Phrase grounding data

=== Begin Enclosure ===

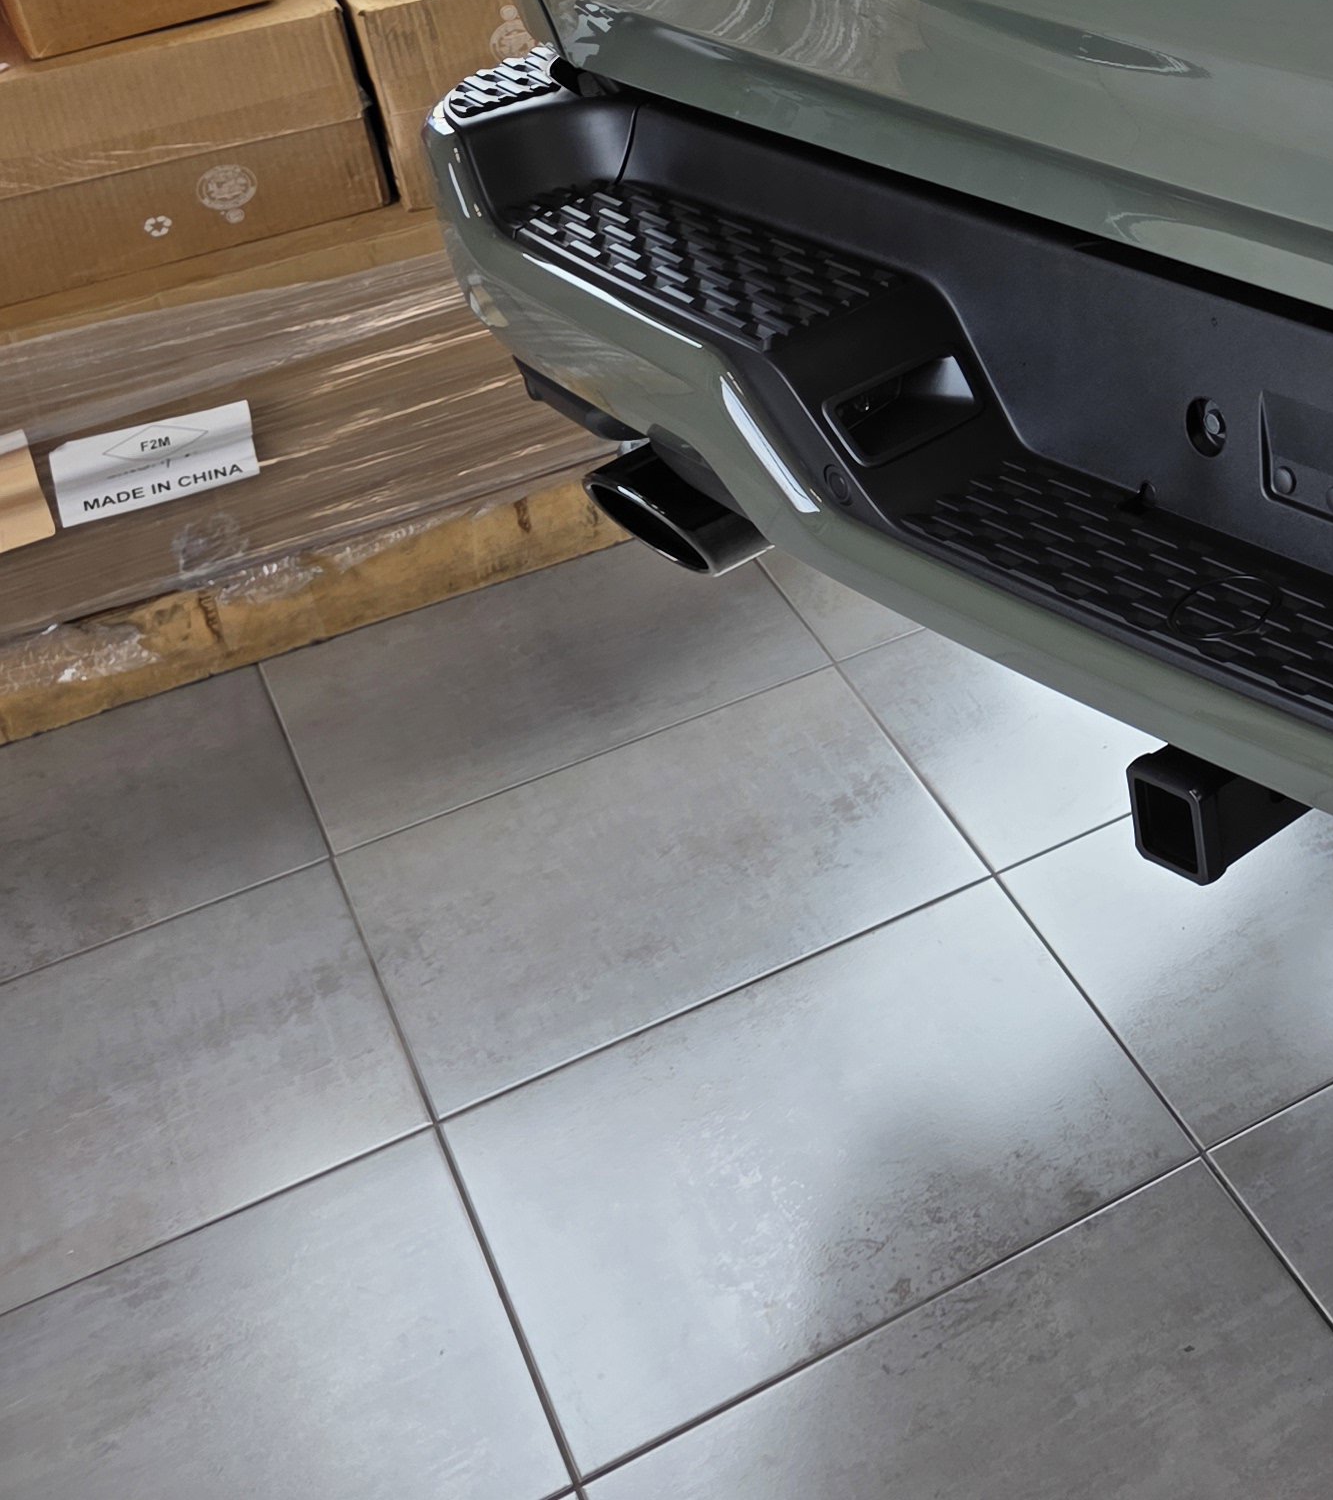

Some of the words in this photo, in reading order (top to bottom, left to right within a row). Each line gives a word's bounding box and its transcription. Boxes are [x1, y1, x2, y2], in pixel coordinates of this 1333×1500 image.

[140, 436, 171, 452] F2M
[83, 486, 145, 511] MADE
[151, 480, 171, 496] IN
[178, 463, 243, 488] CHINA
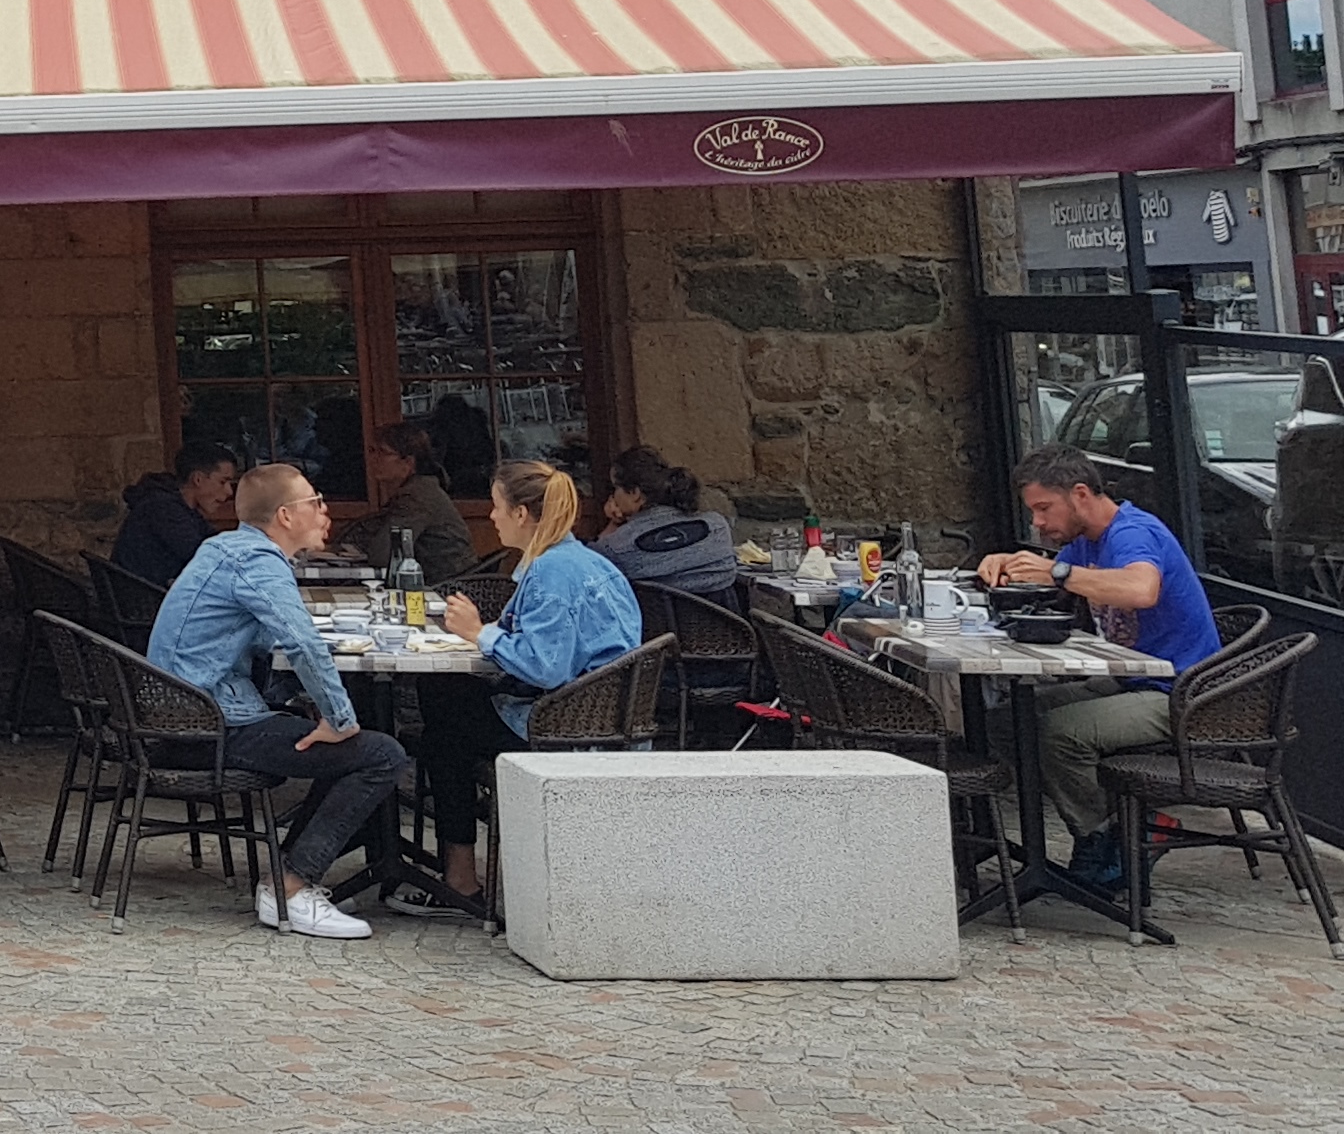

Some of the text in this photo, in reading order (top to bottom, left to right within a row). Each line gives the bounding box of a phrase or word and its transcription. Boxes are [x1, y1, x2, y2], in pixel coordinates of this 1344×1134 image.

=== End Enclosure ===

> **EXERCISE**:
Could you reproduce all of the data above exactly and skip any image?

> **SOLUTION**:
Some of the words in this photo, in reading order (top to bottom, left to right within a row). Each line gives a word's bounding box and its transcription. Boxes are [x1, y1, x2, y2], in pixel coordinates of this 1333×1500 image.

[140, 436, 171, 452] F2M
[83, 486, 145, 511] MADE
[151, 480, 171, 496] IN
[178, 463, 243, 488] CHINA

Some of the text in this photo, in reading order (top to bottom, left to right within a row). Each line gives the bounding box of a phrase or word and its transcription. Boxes are [x1, y1, x2, y2], in pixel coordinates of this 1344×1134 image.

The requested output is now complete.